The Road to Sundance

Michael McGee

SundanceThe Wi Wanyank Wacipi, or Sundance, is a traditional renewal ceremony of the Lakota people held in late summer. Historically the different Lakota bands were spread out over the plains and the Sundance was the time for them to come together as one people to honor the ancestors and pray for the continuance of the people.

The community would gather its resources and help prepare for this ceremony and a Dancer would be chosen to carry the prayers of the people and their community. This chosen Dancer will prepare for an entire year for this ceremony. Then during the ceremony the Dancer goes through four days of purification and prays in the sacred arbor for the four days of Dance. During this time the whole community would give support to the ceremony and their Dancer by cooking, tending the fire, singing, or simply by being present under the arbors. The Sundance is not only a renewal ceremony of prayer for health, help and healing of the people, but also a gathering of the communities.

In today’s world, our communities aren’t always separated by the great distance, but by work, sports and the many other things that keep us busy. Often times we do not come together as one people and instead focus on the differences that separate us. The Sundance gives us a time to lay those differences aside and come together as a people with ‘One Heart and One Mind’. No matter what community you are from or whether you frequently attend ceremonies, are new to this road or just want to attend and support, the Sundance is open to you.

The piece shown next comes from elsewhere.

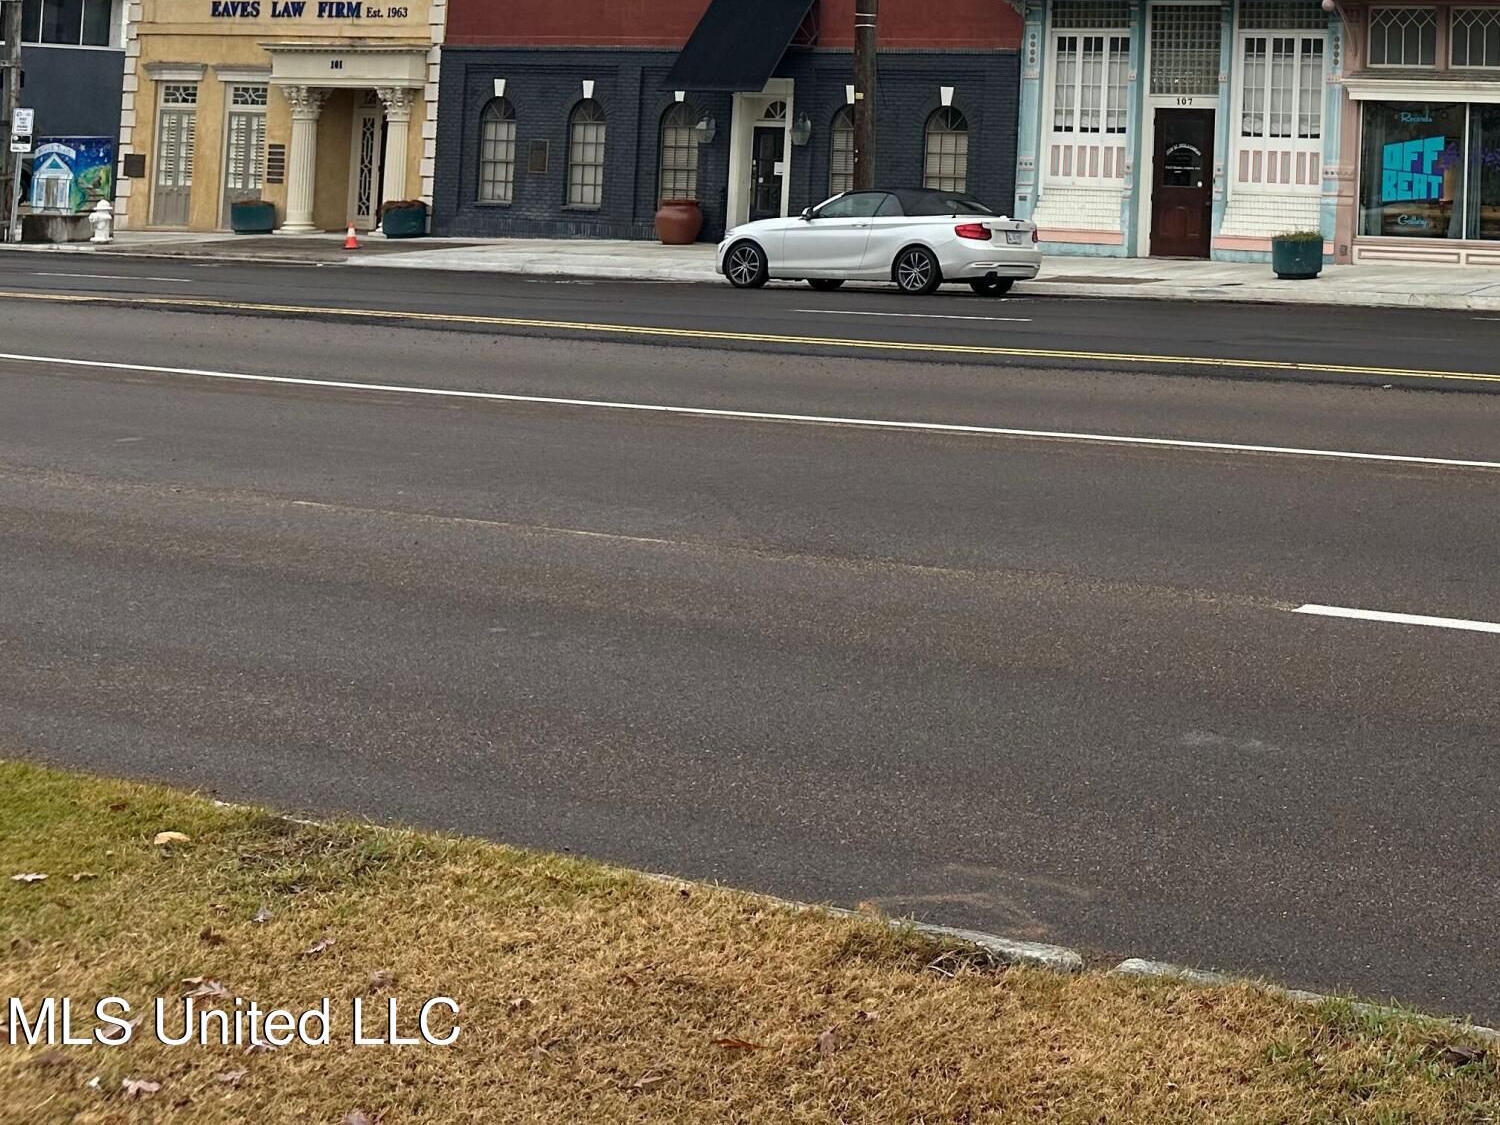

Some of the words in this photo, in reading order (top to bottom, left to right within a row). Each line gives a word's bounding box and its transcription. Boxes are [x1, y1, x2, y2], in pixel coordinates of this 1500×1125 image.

There are many different ways to support the Sundance and the Dancers; all are highly valued and necessary. Contributions of time, food and monetary support are always critical. During purification, wood for the fire must be hauled, the arbors covered, prayer ties must be prepared, cedar stripped, food prepared, camp set, and many other things. During the Dance itself, the people must be fed, camp must be maintained, the Drum and Singers supported. Simply standing beneath the arbors also gives the Dancers strength to continue fasting and praying for the four days.

During the Dance the people give thanks to the seven generations that have come before and to the seven generations that will come after us. We recognize that every step we have ever taken has led us to this place and that every action we make directly affects those who come after us.

By coming together we strengthen the bonds between us as individuals and as communities. By bringing our families to ceremony we show our support and teach our children the value of community and the strength in ceremony. By coming to the Sundance we allow for these traditions to be passed onto the next generation. See you there!